THREE

When I was five years old, my parents took my little sister and me on vacation to Virginia Beach. The hotel had a nice, outdoor swimming pool, and on our way from the hotel room down to the beach, as we were walking by the pool, I reached out and pushed my little sister in. It wasn’t a malicious act. There was no forethought. No planning. I don’t know why I did it then and I still don’t know today. She was just a toddler. She could barely walk, let alone swim. My father jumped in and pulled her out before the hotel’s lifeguard could even react. My sister was okay. She cried and sputtered and coughed water. I cried and sputtered and spent the rest of that day grounded in the hotel room, with a sore bottom, unable to watch TV or read comic books or do anything but wither under the angry, reproachful glare of my father. Looking back on it now, I suspect there were other emotions in his eyes other than just anger. I think he was scared—frightened by what his little boy had just done. Him and my mother both were. When her and my sister got back from the beach, they made me apologize. The next day, it was like nothing had ever happened, but I was aware, even at the age of five, that they watched me a little more carefully.
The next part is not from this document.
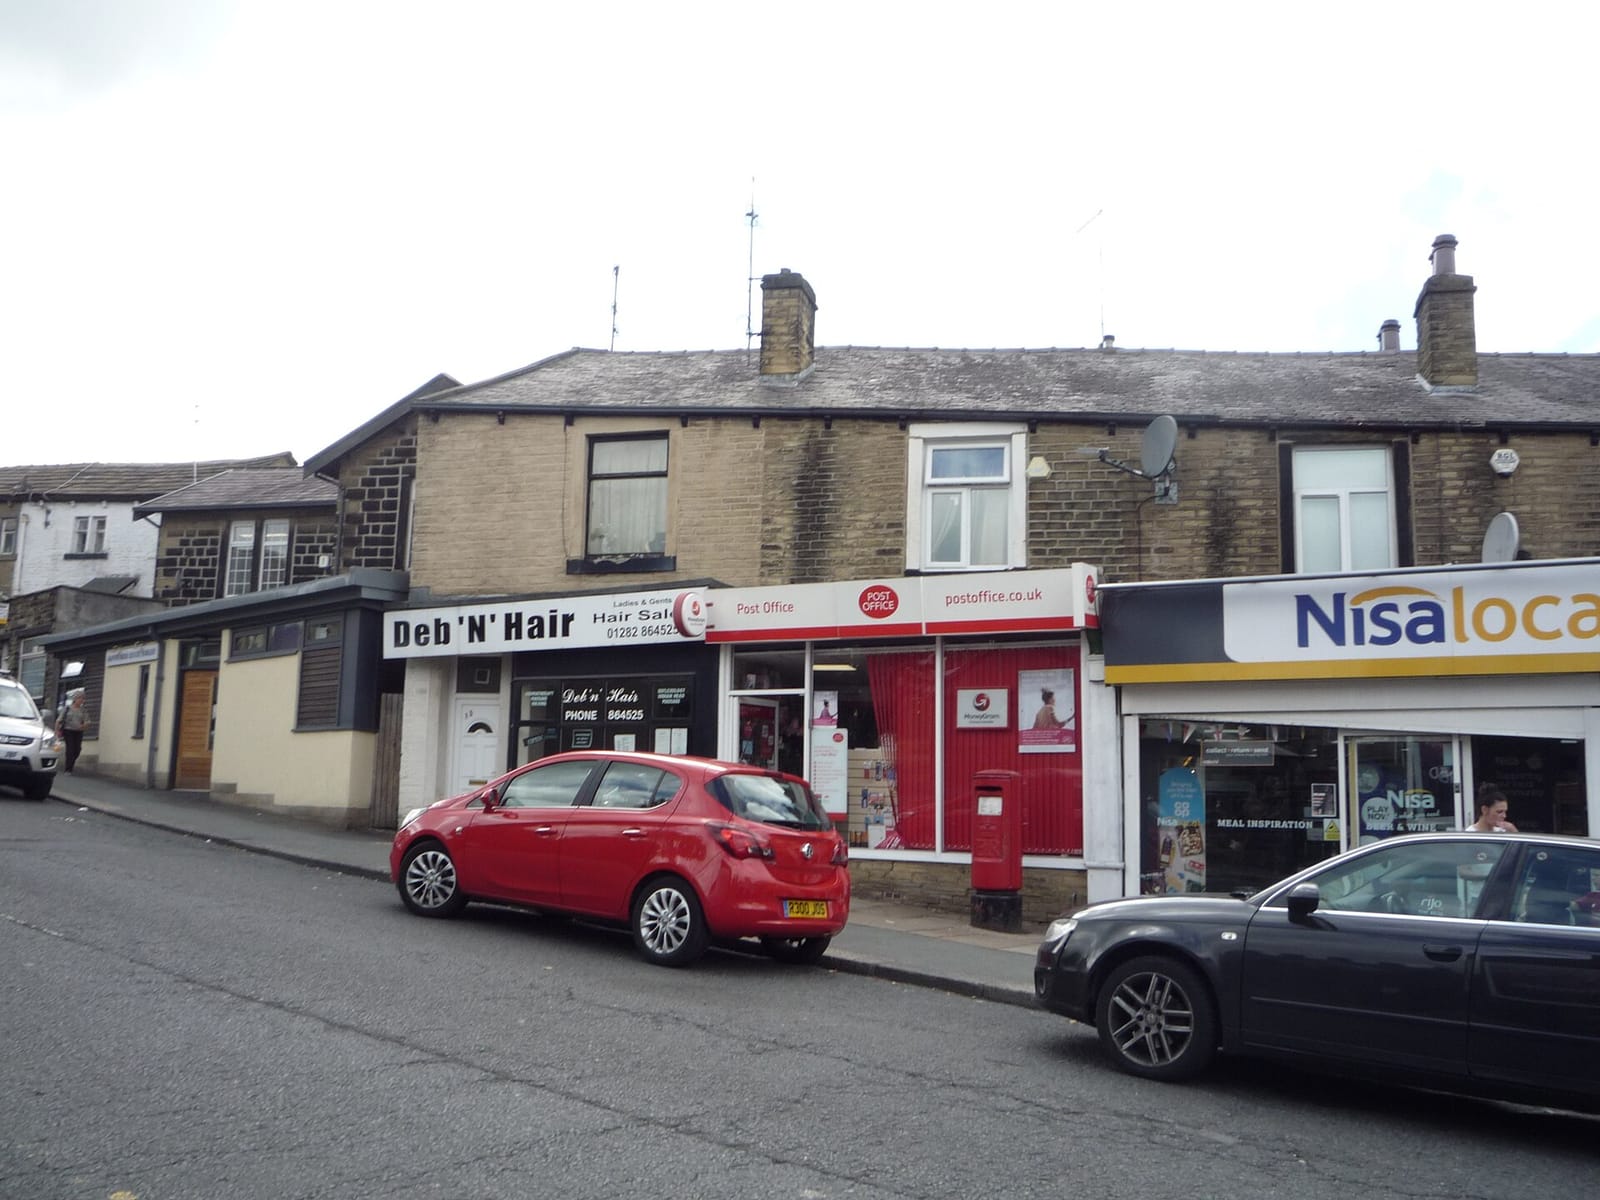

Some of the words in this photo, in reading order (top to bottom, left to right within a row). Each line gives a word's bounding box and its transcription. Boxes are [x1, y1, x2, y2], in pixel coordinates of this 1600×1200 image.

That’s the first bad thing I remember doing.

I did other bad things as a kid. I shoplifted a pack of bubble gum cards once. I cheated on a Social Studies test. I boxed Tom Schoen’s ears so hard in shop class that he had to miss a few days of school because of persistent ringing in them. I wasn’t some juvenile delinquent, nor was I a bully, but I did have a tendency, even back then, to put myself and my own needs first above others. I’d wanted the gum cards but didn’t have the money to buy them, so I’d justified my actions by telling myself that it was only once, and I didn’t get caught so it was okay. My mantra was always “Do whatever you have to do to survive.” That’s something that carried over into adulthood, though I never recognized that flaw in myself until after my wife had left me and I started going to counseling.
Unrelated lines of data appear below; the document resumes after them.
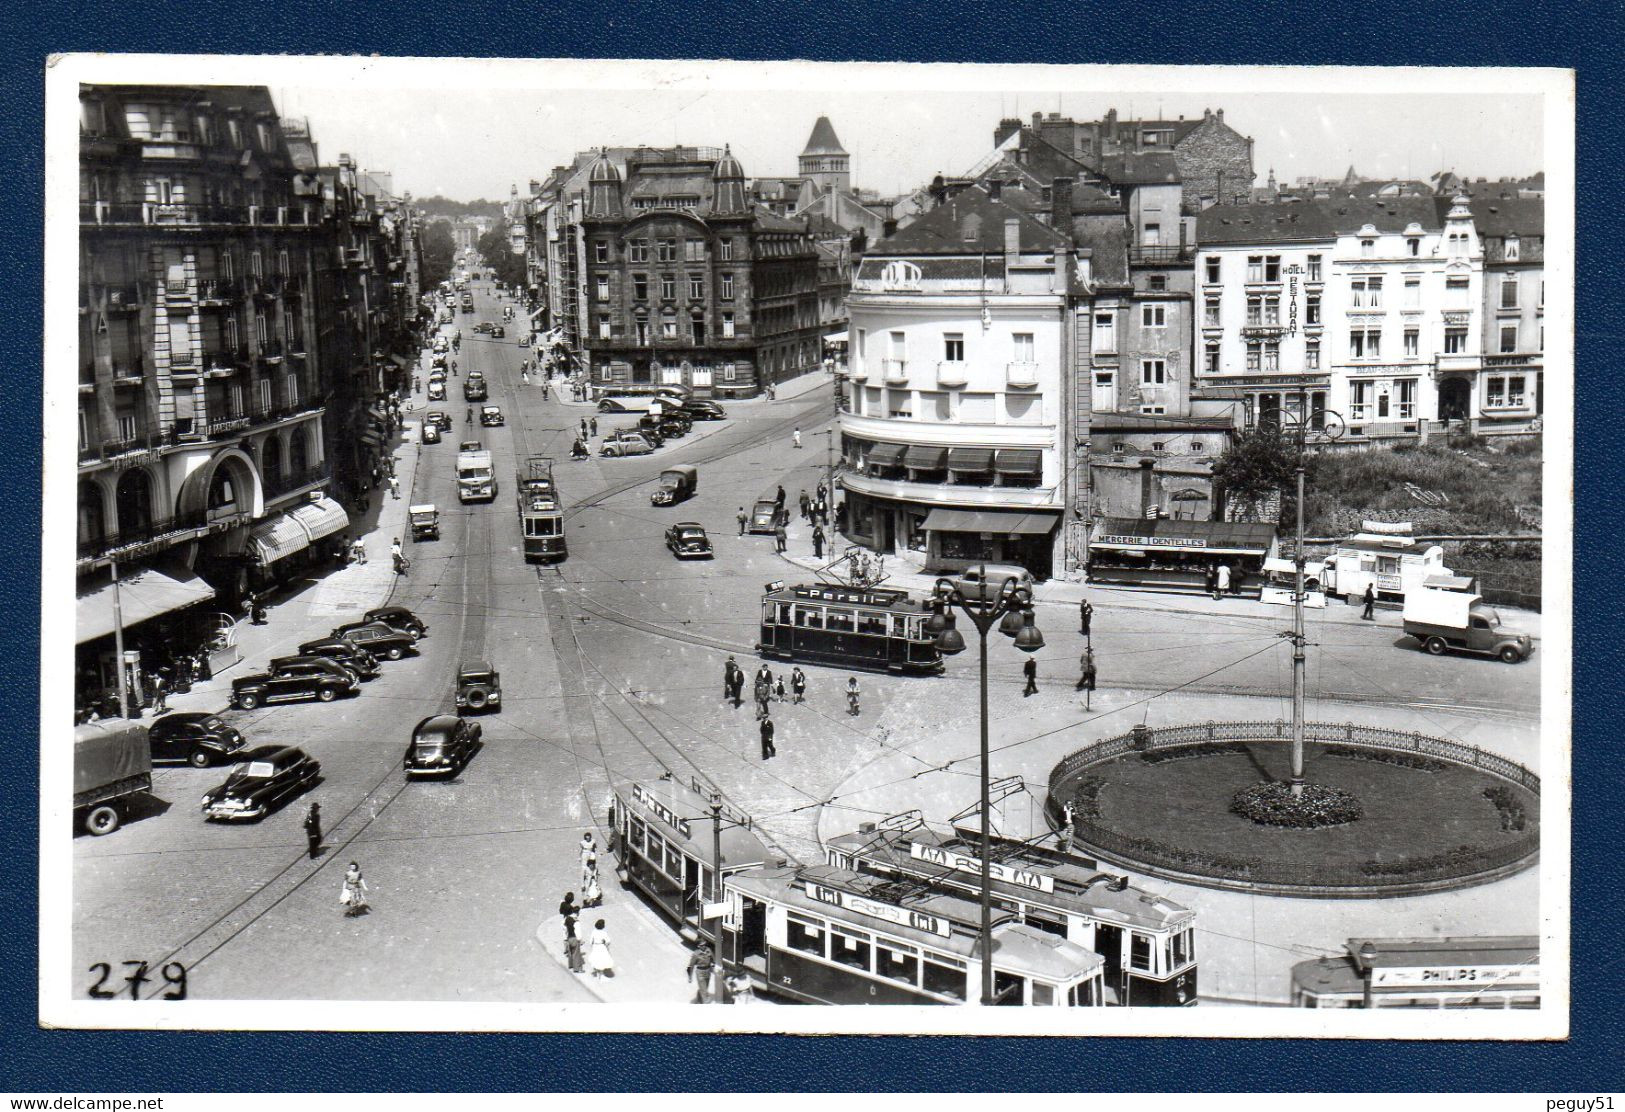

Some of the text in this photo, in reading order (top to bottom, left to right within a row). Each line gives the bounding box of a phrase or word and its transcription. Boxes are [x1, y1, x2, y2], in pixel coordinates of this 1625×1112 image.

[1282, 264, 1306, 275] HOTEL
[1289, 276, 1298, 338] RESTAURANT
[1098, 536, 1143, 544] MERCERIE
[1152, 538, 1204, 547] DENTELLES
[922, 848, 1040, 890] ATA ATA
[88, 960, 187, 1001] 279
[1423, 969, 1477, 981] PHILIPS
[1176, 975, 1186, 988] 25
I met Alyssa when both of us were fresh out of college and working third shift together at the local convenience store. We used to laugh about that. She’d majored in secondary education at West Virginia University and I’d been a business major at North Carolina State—and yet we’d both ended up back here, working the graveyard shift in a convenience store because there weren’t any other jobs to be found. After a few weeks of working with her, I didn’t care. Alyssa was amazing. She was totally unlike any girl I’d ever met, even the ones from college. She was smart and clever and funny and an absolute knock-out. I’d always done okay when it came to women. I mean, I certainly wasn’t a virgin by any means. I’d had my fair share of girlfriends in high school and college. But I’d never been with a girl as beautiful as Alyssa was. And when we started dating, it was wild and weird and scary. I fell for her. Hard.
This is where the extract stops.